Collected data:
---

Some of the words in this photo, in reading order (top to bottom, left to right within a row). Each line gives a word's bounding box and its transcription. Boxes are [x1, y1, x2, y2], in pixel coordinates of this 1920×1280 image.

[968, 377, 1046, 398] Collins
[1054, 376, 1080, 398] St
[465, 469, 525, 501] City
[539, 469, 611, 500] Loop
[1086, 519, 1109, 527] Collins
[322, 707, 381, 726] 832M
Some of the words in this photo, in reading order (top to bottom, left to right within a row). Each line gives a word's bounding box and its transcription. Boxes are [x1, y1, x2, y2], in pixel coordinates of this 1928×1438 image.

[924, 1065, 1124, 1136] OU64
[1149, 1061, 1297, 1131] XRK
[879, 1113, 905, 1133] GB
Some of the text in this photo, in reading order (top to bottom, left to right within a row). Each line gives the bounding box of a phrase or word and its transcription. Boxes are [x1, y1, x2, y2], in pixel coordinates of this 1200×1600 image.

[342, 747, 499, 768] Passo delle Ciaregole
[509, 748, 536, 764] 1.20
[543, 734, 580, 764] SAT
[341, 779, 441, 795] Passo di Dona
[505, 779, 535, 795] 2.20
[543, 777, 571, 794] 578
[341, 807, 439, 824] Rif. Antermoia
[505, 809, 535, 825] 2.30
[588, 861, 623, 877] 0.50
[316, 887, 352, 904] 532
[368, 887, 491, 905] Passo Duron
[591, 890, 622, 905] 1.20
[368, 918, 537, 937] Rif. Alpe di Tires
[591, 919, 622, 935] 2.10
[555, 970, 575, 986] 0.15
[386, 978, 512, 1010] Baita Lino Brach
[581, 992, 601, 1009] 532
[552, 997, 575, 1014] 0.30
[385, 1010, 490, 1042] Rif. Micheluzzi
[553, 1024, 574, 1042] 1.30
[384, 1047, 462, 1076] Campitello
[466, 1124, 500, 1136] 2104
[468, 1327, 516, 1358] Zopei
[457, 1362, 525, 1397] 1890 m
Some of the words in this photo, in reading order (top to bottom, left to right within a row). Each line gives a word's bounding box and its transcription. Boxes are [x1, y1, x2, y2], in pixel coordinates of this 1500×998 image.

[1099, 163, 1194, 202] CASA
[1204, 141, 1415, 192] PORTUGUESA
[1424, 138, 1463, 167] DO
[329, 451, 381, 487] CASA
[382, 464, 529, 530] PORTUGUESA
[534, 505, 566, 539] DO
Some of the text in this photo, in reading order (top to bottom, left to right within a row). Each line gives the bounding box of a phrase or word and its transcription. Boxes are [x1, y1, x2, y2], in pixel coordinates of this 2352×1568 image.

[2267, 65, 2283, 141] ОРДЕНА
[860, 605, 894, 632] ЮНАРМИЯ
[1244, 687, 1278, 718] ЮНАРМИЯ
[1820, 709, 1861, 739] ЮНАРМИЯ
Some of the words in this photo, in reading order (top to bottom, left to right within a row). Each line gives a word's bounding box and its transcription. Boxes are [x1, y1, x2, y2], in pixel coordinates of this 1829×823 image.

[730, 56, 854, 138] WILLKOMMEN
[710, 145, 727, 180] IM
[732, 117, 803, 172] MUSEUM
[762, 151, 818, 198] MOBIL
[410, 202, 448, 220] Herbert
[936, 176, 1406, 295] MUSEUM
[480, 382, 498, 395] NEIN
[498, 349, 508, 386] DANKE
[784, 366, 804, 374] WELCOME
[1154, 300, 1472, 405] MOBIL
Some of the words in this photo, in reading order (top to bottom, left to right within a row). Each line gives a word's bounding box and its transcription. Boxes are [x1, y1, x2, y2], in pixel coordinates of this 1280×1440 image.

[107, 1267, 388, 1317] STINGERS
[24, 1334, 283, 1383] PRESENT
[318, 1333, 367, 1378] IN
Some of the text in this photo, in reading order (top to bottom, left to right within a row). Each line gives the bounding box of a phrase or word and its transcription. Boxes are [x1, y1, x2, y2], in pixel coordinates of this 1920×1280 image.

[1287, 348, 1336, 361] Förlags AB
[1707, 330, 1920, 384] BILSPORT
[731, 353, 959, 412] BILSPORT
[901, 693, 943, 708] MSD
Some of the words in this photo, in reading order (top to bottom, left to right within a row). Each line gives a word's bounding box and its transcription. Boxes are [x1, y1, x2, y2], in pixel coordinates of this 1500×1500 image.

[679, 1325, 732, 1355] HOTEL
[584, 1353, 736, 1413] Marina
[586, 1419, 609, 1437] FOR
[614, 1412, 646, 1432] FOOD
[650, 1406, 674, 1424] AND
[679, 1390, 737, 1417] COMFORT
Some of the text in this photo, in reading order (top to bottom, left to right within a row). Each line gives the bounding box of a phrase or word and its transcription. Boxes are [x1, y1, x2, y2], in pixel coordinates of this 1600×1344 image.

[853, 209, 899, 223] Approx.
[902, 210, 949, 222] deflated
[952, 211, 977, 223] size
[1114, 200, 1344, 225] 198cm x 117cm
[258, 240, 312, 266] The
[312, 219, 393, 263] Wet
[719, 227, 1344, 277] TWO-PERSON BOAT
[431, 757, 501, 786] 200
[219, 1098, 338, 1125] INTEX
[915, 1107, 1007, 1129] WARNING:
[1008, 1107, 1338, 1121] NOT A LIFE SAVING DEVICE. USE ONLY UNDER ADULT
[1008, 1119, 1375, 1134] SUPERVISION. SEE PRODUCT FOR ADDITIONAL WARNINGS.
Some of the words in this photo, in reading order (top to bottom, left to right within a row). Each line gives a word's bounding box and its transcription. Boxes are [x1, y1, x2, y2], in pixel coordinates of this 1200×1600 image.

---

Task goal:
Set out every record in full, exactly as given.

Solution below:
Some of the words in this photo, in reading order (top to bottom, left to right within a row). Each line gives a word's bounding box and its transcription. Boxes are [x1, y1, x2, y2], in pixel coordinates of this 1920×1280 image.

[968, 377, 1046, 398] Collins
[1054, 376, 1080, 398] St
[465, 469, 525, 501] City
[539, 469, 611, 500] Loop
[1086, 519, 1109, 527] Collins
[322, 707, 381, 726] 832M
Some of the words in this photo, in reading order (top to bottom, left to right within a row). Each line gives a word's bounding box and its transcription. Boxes are [x1, y1, x2, y2], in pixel coordinates of this 1928×1438 image.

[924, 1065, 1124, 1136] OU64
[1149, 1061, 1297, 1131] XRK
[879, 1113, 905, 1133] GB
Some of the text in this photo, in reading order (top to bottom, left to right within a row). Each line gives the bounding box of a phrase or word and its transcription. Boxes are [x1, y1, x2, y2], in pixel coordinates of this 1200×1600 image.

[342, 747, 499, 768] Passo delle Ciaregole
[509, 748, 536, 764] 1.20
[543, 734, 580, 764] SAT
[341, 779, 441, 795] Passo di Dona
[505, 779, 535, 795] 2.20
[543, 777, 571, 794] 578
[341, 807, 439, 824] Rif. Antermoia
[505, 809, 535, 825] 2.30
[588, 861, 623, 877] 0.50
[316, 887, 352, 904] 532
[368, 887, 491, 905] Passo Duron
[591, 890, 622, 905] 1.20
[368, 918, 537, 937] Rif. Alpe di Tires
[591, 919, 622, 935] 2.10
[555, 970, 575, 986] 0.15
[386, 978, 512, 1010] Baita Lino Brach
[581, 992, 601, 1009] 532
[552, 997, 575, 1014] 0.30
[385, 1010, 490, 1042] Rif. Micheluzzi
[553, 1024, 574, 1042] 1.30
[384, 1047, 462, 1076] Campitello
[466, 1124, 500, 1136] 2104
[468, 1327, 516, 1358] Zopei
[457, 1362, 525, 1397] 1890 m
Some of the words in this photo, in reading order (top to bottom, left to right within a row). Each line gives a word's bounding box and its transcription. Boxes are [x1, y1, x2, y2], in pixel coordinates of this 1500×998 image.

[1099, 163, 1194, 202] CASA
[1204, 141, 1415, 192] PORTUGUESA
[1424, 138, 1463, 167] DO
[329, 451, 381, 487] CASA
[382, 464, 529, 530] PORTUGUESA
[534, 505, 566, 539] DO
Some of the text in this photo, in reading order (top to bottom, left to right within a row). Each line gives the bounding box of a phrase or word and its transcription. Boxes are [x1, y1, x2, y2], in pixel coordinates of this 2352×1568 image.

[2267, 65, 2283, 141] ОРДЕНА
[860, 605, 894, 632] ЮНАРМИЯ
[1244, 687, 1278, 718] ЮНАРМИЯ
[1820, 709, 1861, 739] ЮНАРМИЯ
Some of the words in this photo, in reading order (top to bottom, left to right within a row). Each line gives a word's bounding box and its transcription. Boxes are [x1, y1, x2, y2], in pixel coordinates of this 1829×823 image.

[730, 56, 854, 138] WILLKOMMEN
[710, 145, 727, 180] IM
[732, 117, 803, 172] MUSEUM
[762, 151, 818, 198] MOBIL
[410, 202, 448, 220] Herbert
[936, 176, 1406, 295] MUSEUM
[480, 382, 498, 395] NEIN
[498, 349, 508, 386] DANKE
[784, 366, 804, 374] WELCOME
[1154, 300, 1472, 405] MOBIL
Some of the words in this photo, in reading order (top to bottom, left to right within a row). Each line gives a word's bounding box and its transcription. Boxes are [x1, y1, x2, y2], in pixel coordinates of this 1280×1440 image.

[107, 1267, 388, 1317] STINGERS
[24, 1334, 283, 1383] PRESENT
[318, 1333, 367, 1378] IN
Some of the text in this photo, in reading order (top to bottom, left to right within a row). Each line gives the bounding box of a phrase or word and its transcription. Boxes are [x1, y1, x2, y2], in pixel coordinates of this 1920×1280 image.

[1287, 348, 1336, 361] Förlags AB
[1707, 330, 1920, 384] BILSPORT
[731, 353, 959, 412] BILSPORT
[901, 693, 943, 708] MSD
Some of the words in this photo, in reading order (top to bottom, left to right within a row). Each line gives a word's bounding box and its transcription. Boxes are [x1, y1, x2, y2], in pixel coordinates of this 1500×1500 image.

[679, 1325, 732, 1355] HOTEL
[584, 1353, 736, 1413] Marina
[586, 1419, 609, 1437] FOR
[614, 1412, 646, 1432] FOOD
[650, 1406, 674, 1424] AND
[679, 1390, 737, 1417] COMFORT
Some of the text in this photo, in reading order (top to bottom, left to right within a row). Each line gives the bounding box of a phrase or word and its transcription. Boxes are [x1, y1, x2, y2], in pixel coordinates of this 1600×1344 image.

[853, 209, 899, 223] Approx.
[902, 210, 949, 222] deflated
[952, 211, 977, 223] size
[1114, 200, 1344, 225] 198cm x 117cm
[258, 240, 312, 266] The
[312, 219, 393, 263] Wet
[719, 227, 1344, 277] TWO-PERSON BOAT
[431, 757, 501, 786] 200
[219, 1098, 338, 1125] INTEX
[915, 1107, 1007, 1129] WARNING:
[1008, 1107, 1338, 1121] NOT A LIFE SAVING DEVICE. USE ONLY UNDER ADULT
[1008, 1119, 1375, 1134] SUPERVISION. SEE PRODUCT FOR ADDITIONAL WARNINGS.
Some of the words in this photo, in reading order (top to bottom, left to right within a row). Each line gives a word's bounding box and its transcription. Boxes are [x1, y1, x2, y2], in pixel coordinates of this 1200×1600 image.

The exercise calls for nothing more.